Por eso Néstor Kirchner, muy hábilmente, lo construyó en los primeros meses, dotando de poder a la institución presidencial y recomponiendo el tejido social totalmente dañado después de la caída de la Alianza. Ya por el 2007 se empezó a sentir que había que descomprimir las tensiones y las divisiones que se habían generado, por eso se aceptó la idea de Cristina Kirchner, Julio Cobos y vos. Poder compartido y transversal, promesas que al poco tiempo se dejaron de lado. De allí los subibajas permanentes de la gestión de la señora. De sus dos mandatos originales, el de la integración social se mantuvo y acrecentó, pero el otro, el de la tolerancia y el diálogo, se hizo añicos. La muerte de Néstor cambió el panorama por completo y humanizó ad infinitum a su viuda, que fue apoyada masivamente en su reelección.
Llegamos así al fin de la tercera presidencia K. Los argentinos, al igual que aconteciera hace poco con los brasileños, los uruguayos y otros latinoamericanos, se debaten entre dos conceptos antagónicos: la continuidad y el cambio. Hay momentos en que parece imponerse uno sobre el otro. Pero tanto en aquellos casos como en el nuestro, el asunto no es tan en blanco y negro.
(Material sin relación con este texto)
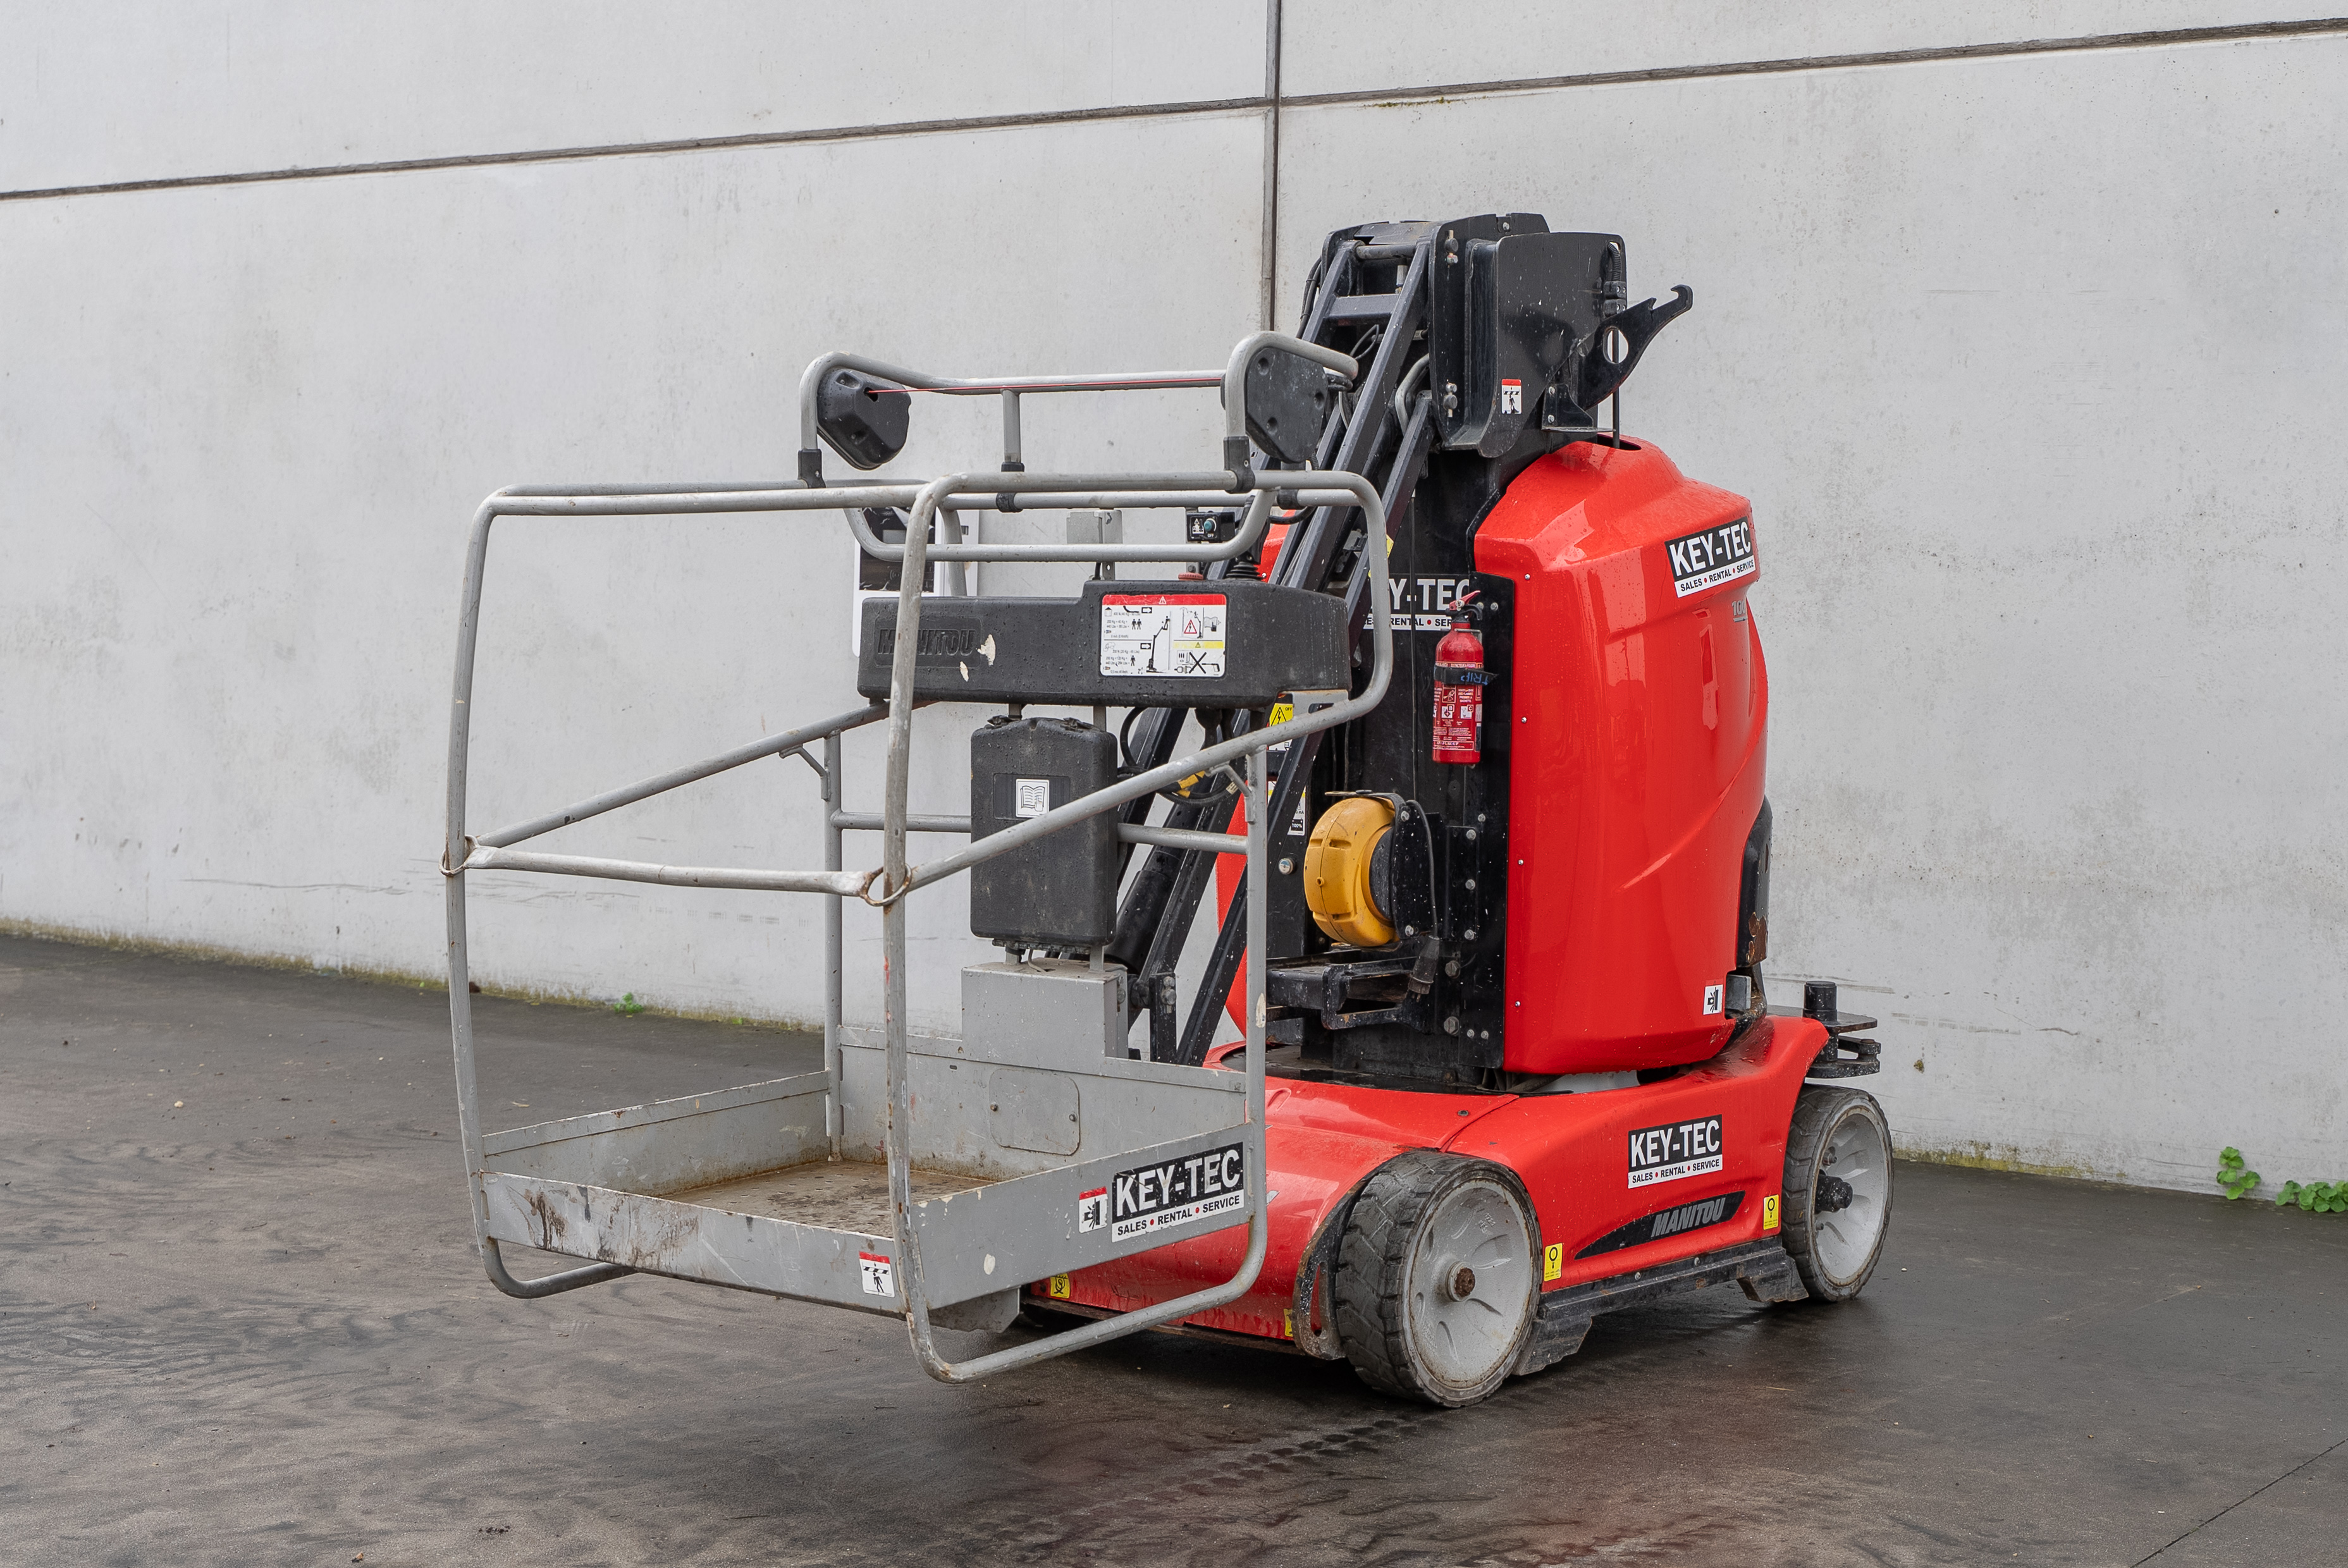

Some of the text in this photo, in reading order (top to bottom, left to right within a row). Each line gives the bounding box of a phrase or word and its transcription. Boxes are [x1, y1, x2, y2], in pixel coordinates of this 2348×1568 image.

[1669, 522, 1751, 577] KEY-TEC
[1680, 559, 1754, 592] SALES RENTAL SERVICE
[878, 628, 976, 656] MNITOU
[1631, 1120, 1720, 1167] KEY-TEC
[1116, 1149, 1240, 1217] KEY-TEC
[1632, 1159, 1719, 1184] SALES RENTAL SERVICE
[1117, 1195, 1240, 1236] SALES RENTAL SERVICE
[1651, 1197, 1726, 1238] MANITOU
El mandato es mucho más coherente con la gama de los grises. Por eso van sobreviviendo en las primeras posiciones candidatos que confluyen en la moderación y que se parecen tanto entre sí.
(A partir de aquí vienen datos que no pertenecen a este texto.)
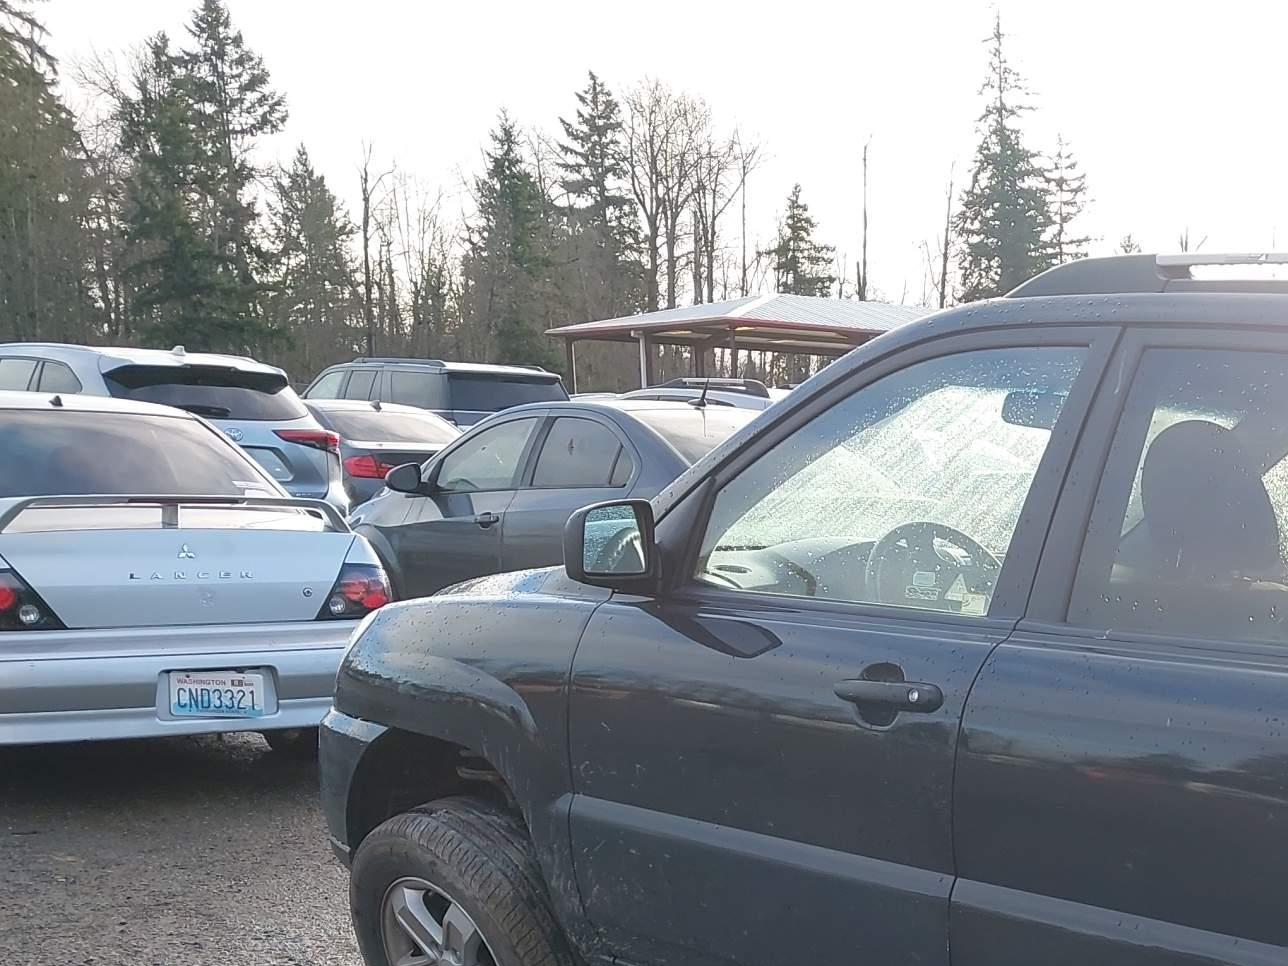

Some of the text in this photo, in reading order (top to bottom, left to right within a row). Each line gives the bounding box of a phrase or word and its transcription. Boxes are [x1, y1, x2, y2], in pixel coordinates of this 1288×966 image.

El modelo, se sabe, ha causado agotamiento en la sociedad. No específicamente por sus logros o sus carencias, sino quizás por su duración récord en la historia, tras doce años de estilo K. Entonces se impone la idea de cambio. ¿Pero cambio de qué?
Esto lo preguntamos a lo largo de los últimos tiempos en tres ocasiones para evitar la dicotomía de cambio o continuidad, que consideramos falsa por su extremo rigor. Preguntar si se quiere reemplazar todo o seguir exactamente igual nos impediría detectar matices y en consecuencia registraríamos una imagen equivocada del estado del imaginario colectivo.
Así, la pregunta ofrecía cuatro categorías de respuesta: a) continuar el modelo y no cambiar nada, b) cambiar algunas cosas y mantener la mayoría, c) cambiar la mayoría y continuar con algunas, y d) cambiar todo y cambiar el modelo.
En las tres mediciones, tomadas con varios meses de intervalo entre una y otra, registramos (en promedio) la siguiente frecuencia de adhesión: a) continuar con el modelo y no cambiar nada: 15%, b) cambiar algunas cosas y mantener la mayoría: 35%, c) cambiar la mayoría y mantener algunas: 25% y d) cambiar todo y cambiar el modelo: 21%. A ello debemos sumar un resto de 4% que no puede decidir. Un 60% reclama algún grado de cambio.
Pero también indagamos acerca del modo en que se prefiere que esos cambios, pocos o muchos, sean realizados. En promedio, el 67% de la población prefiere que se realicen gradualmente, mientras que sólo el 25% opta por una solución drástica.
En conclusión, más allá de los reclamos por la inseguridad o la inflación, el consenso mayoritario, el mandato profundo que parecería gestarse es el de un cambio parcial realizado gradualmente. Por ello, podría afirmarse que el próximo presidente será aquel que les asegure a los votantes la alquimia adecuada para poner en práctica este delicado equilibrio.